Data entries:
[Start of Attachment]
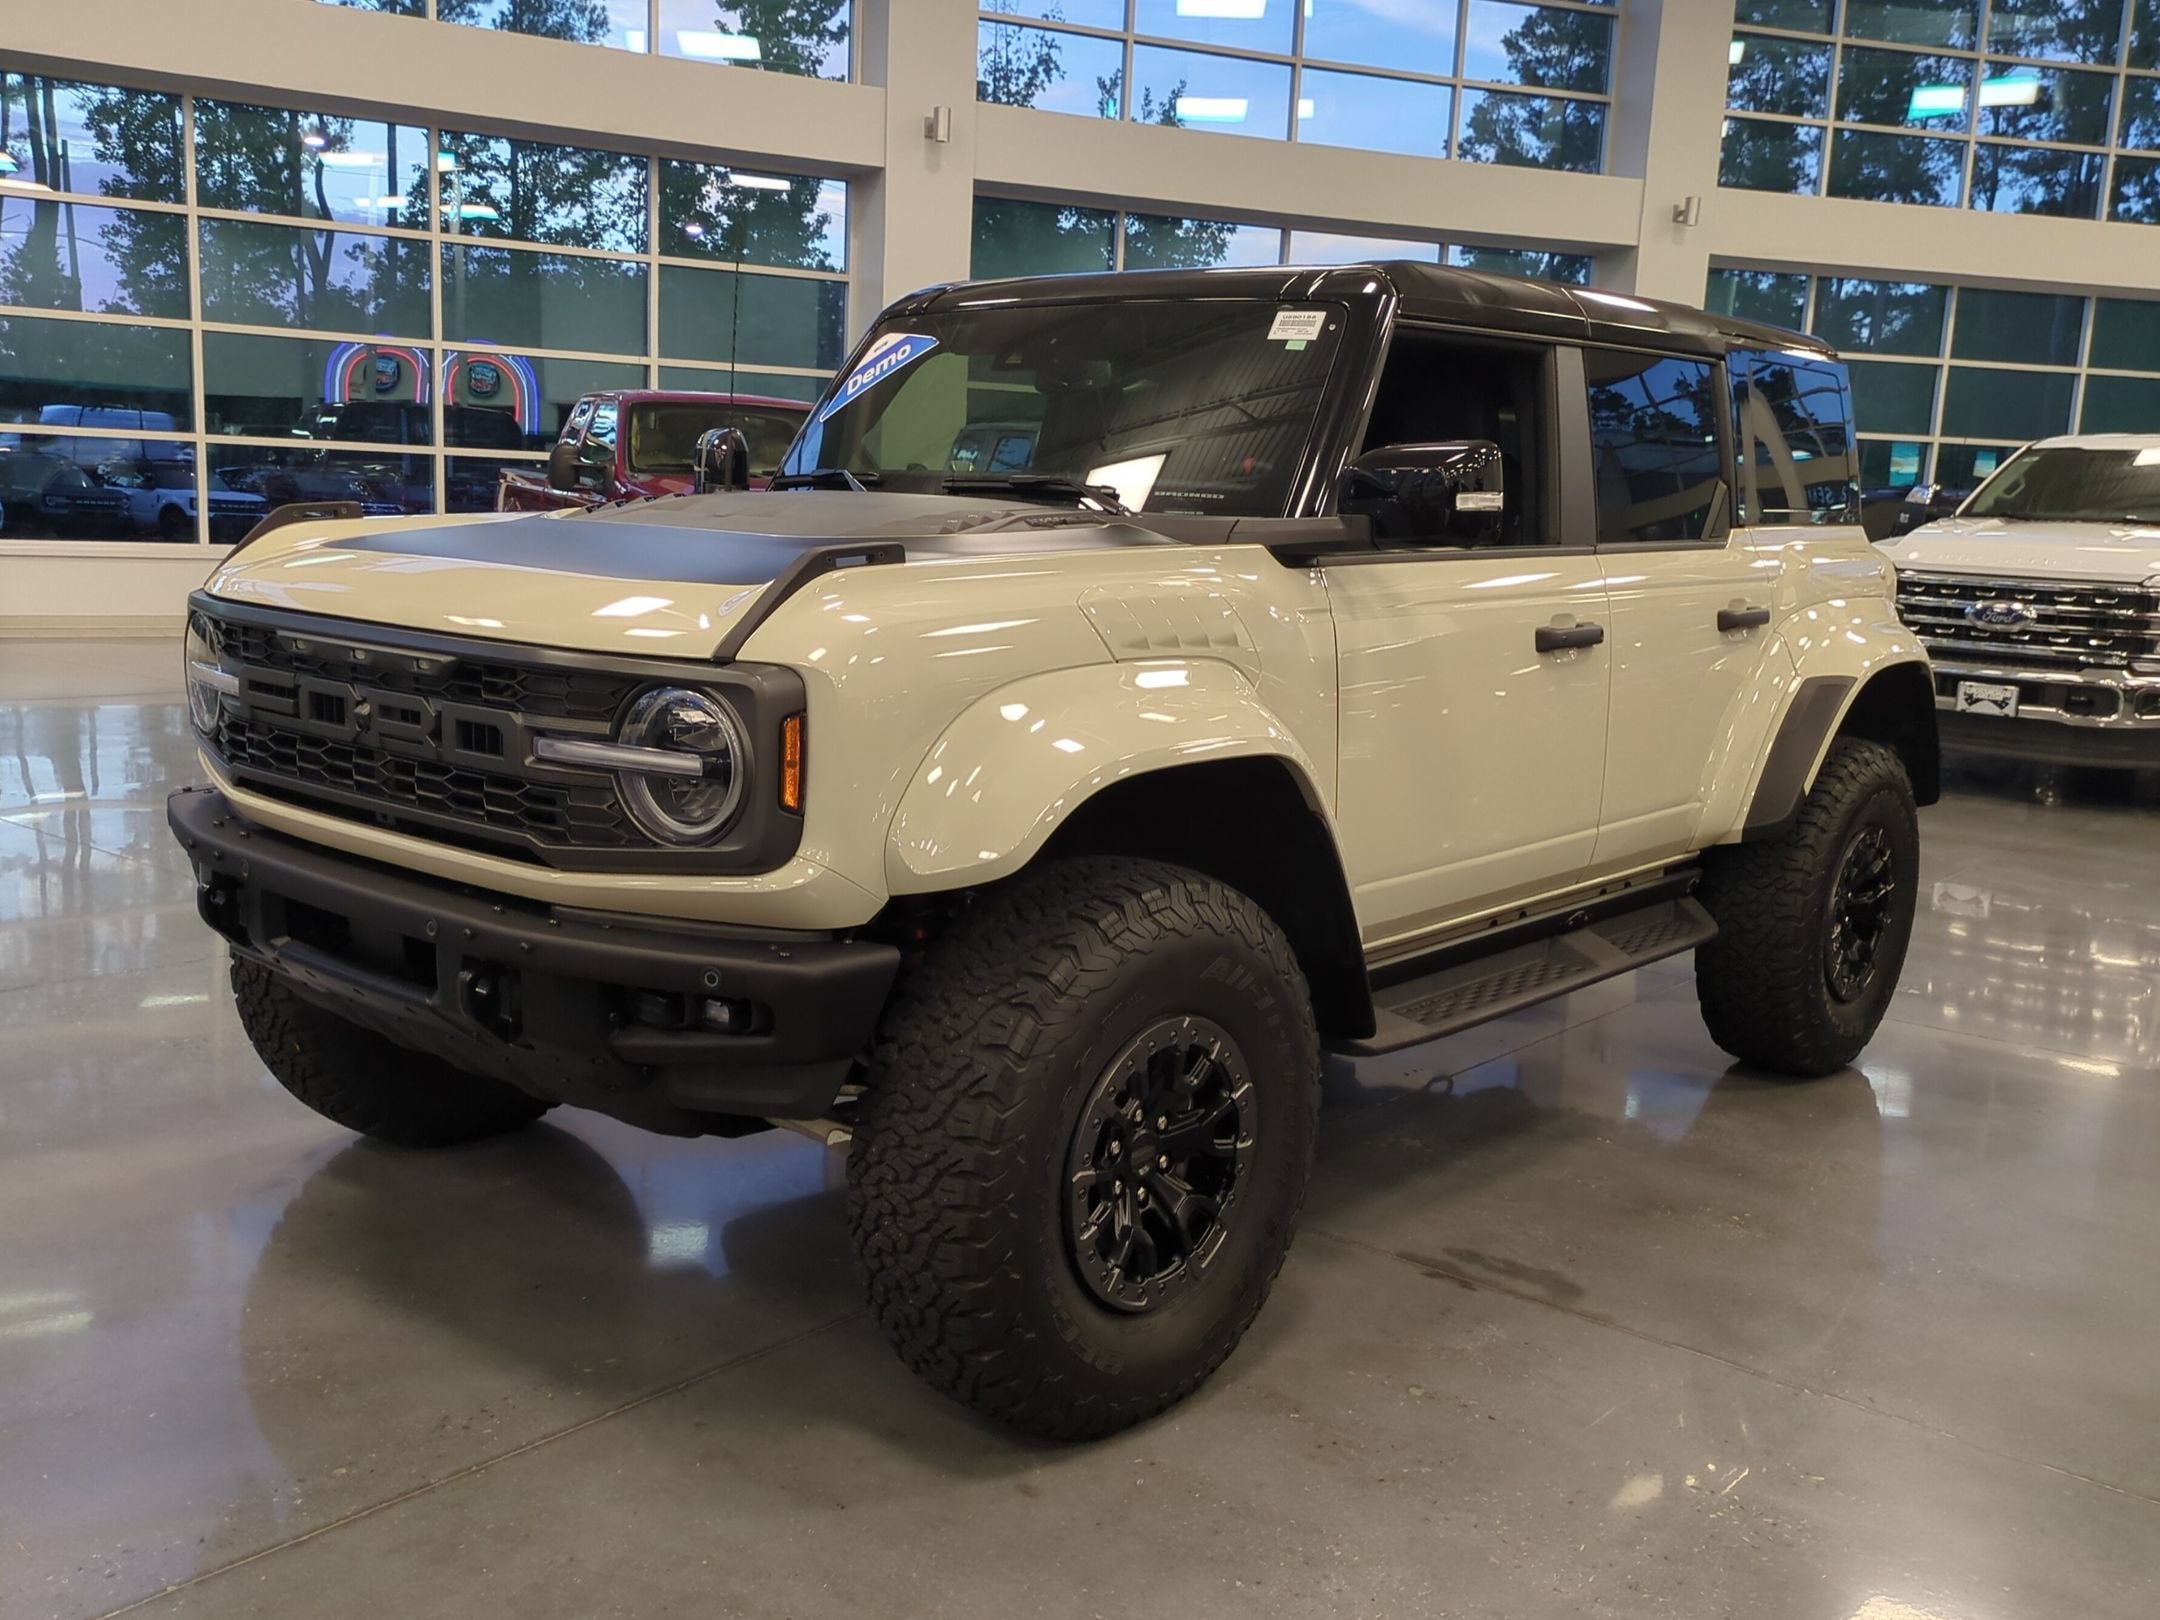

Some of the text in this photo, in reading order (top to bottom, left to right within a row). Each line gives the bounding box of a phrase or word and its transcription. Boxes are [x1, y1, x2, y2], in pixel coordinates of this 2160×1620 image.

[847, 344, 912, 395] Demo
[1981, 608, 2016, 624] Ford
[240, 664, 524, 776] FORD
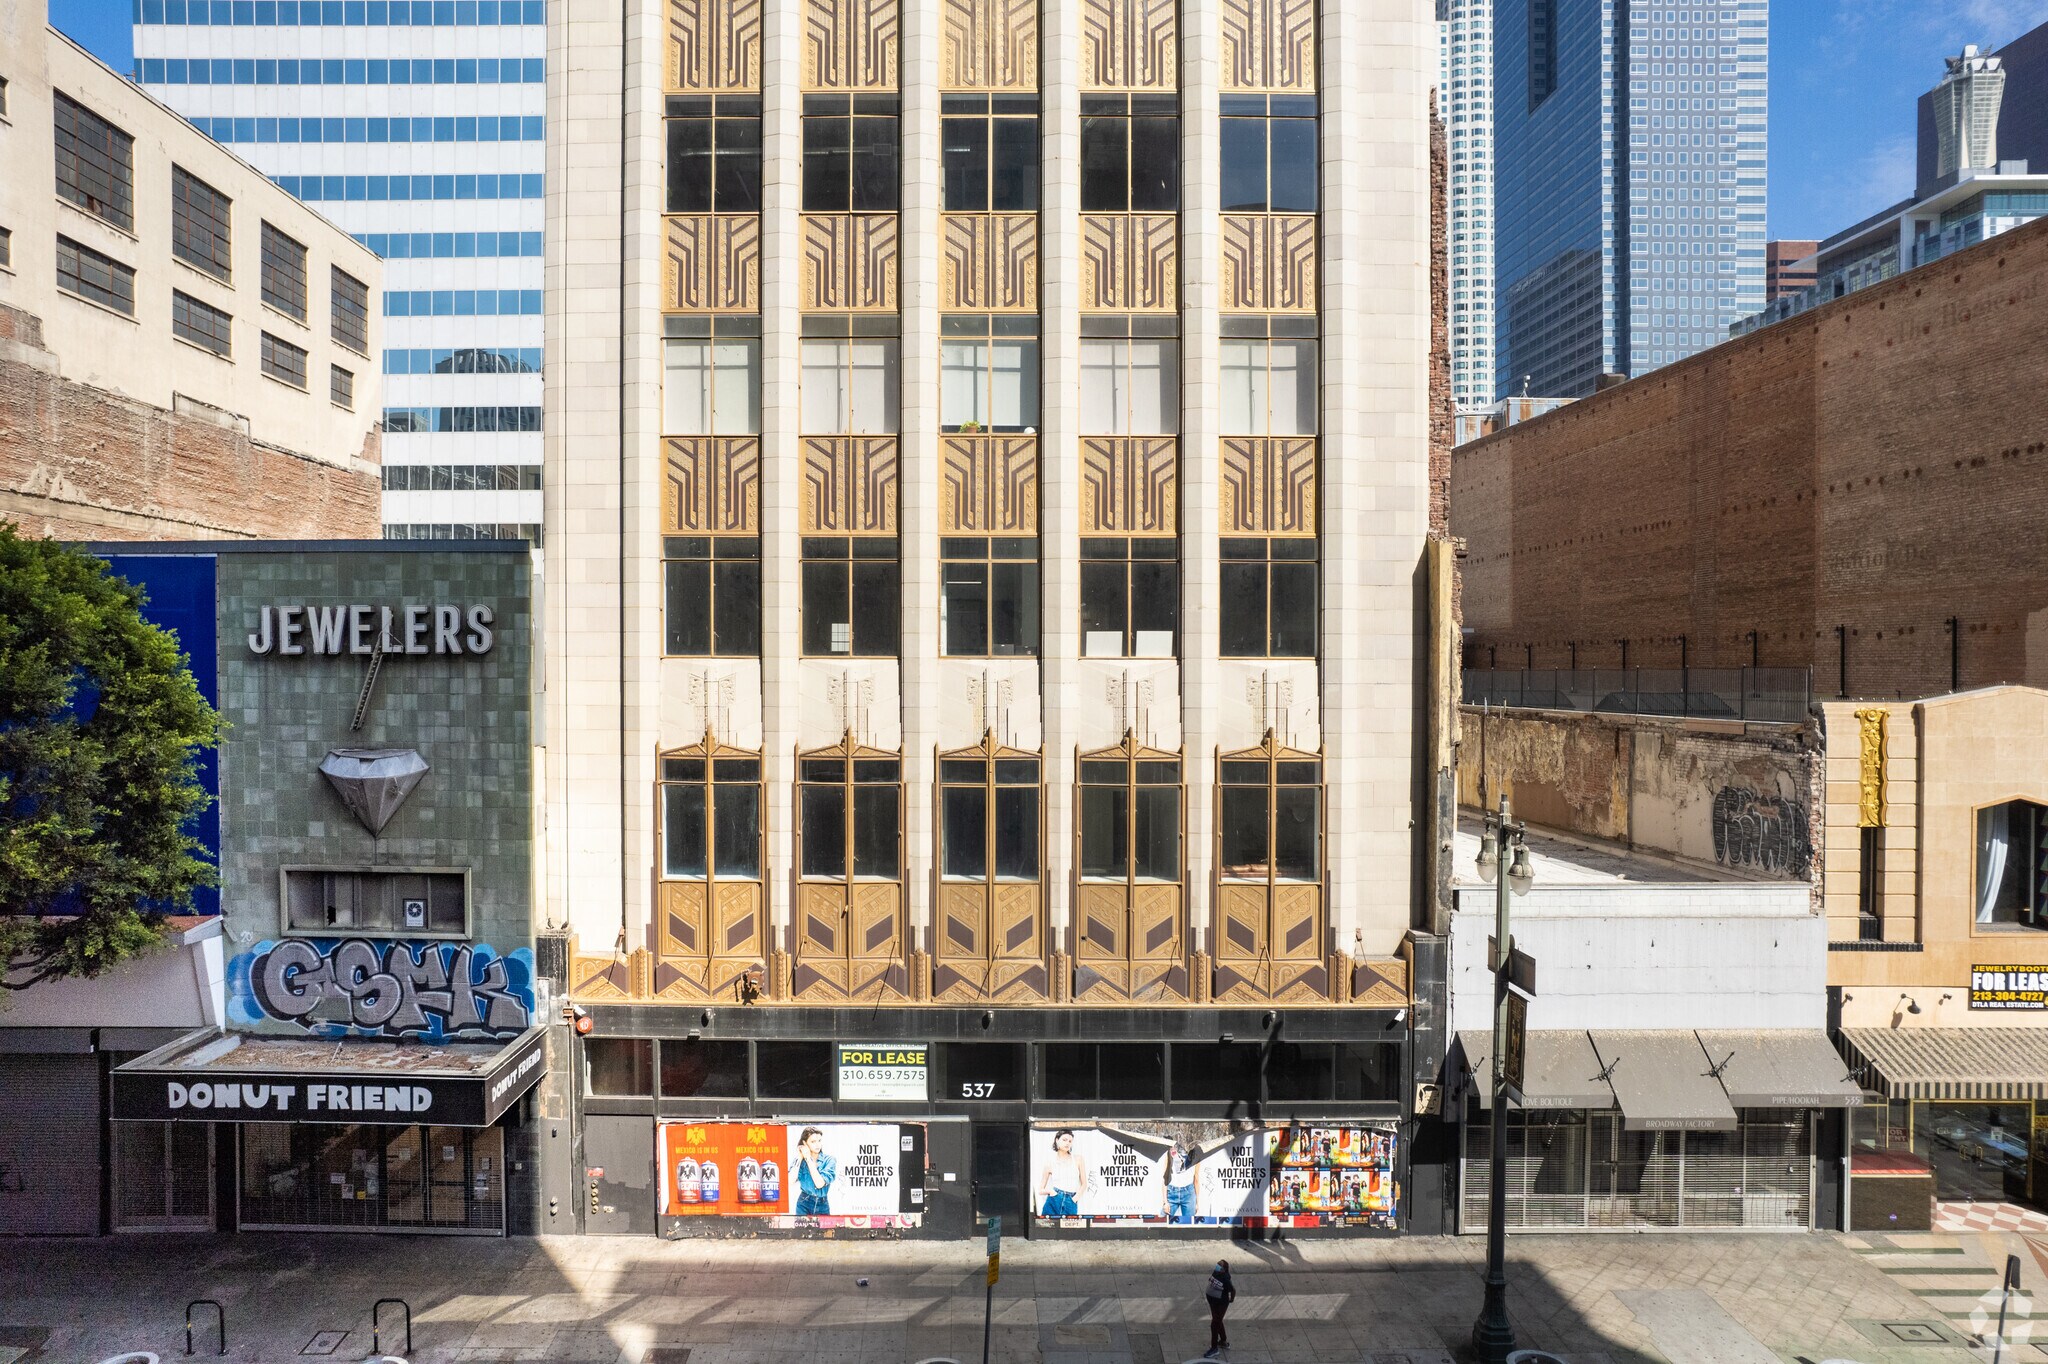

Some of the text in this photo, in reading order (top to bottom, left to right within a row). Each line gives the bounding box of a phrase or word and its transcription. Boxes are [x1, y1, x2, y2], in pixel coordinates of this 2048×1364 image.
[End of Attachment]
■ Your objective ■
Give the data again exactly, image-free.

■ Response ■
Some of the text in this photo, in reading order (top to bottom, left to right within a row). Each line gives the bounding box of a phrase or word and its transcription. Boxes are [x1, y1, x2, y2], in pixel coordinates of this 2160×1620 image.

[847, 344, 912, 395] Demo
[1981, 608, 2016, 624] Ford
[240, 664, 524, 776] FORD

Some of the text in this photo, in reading order (top to bottom, left to right within a row). Each line gives the bounding box of a phrase or word and its transcription. Boxes are [x1, y1, x2, y2], in pixel coordinates of this 2048×1364 image.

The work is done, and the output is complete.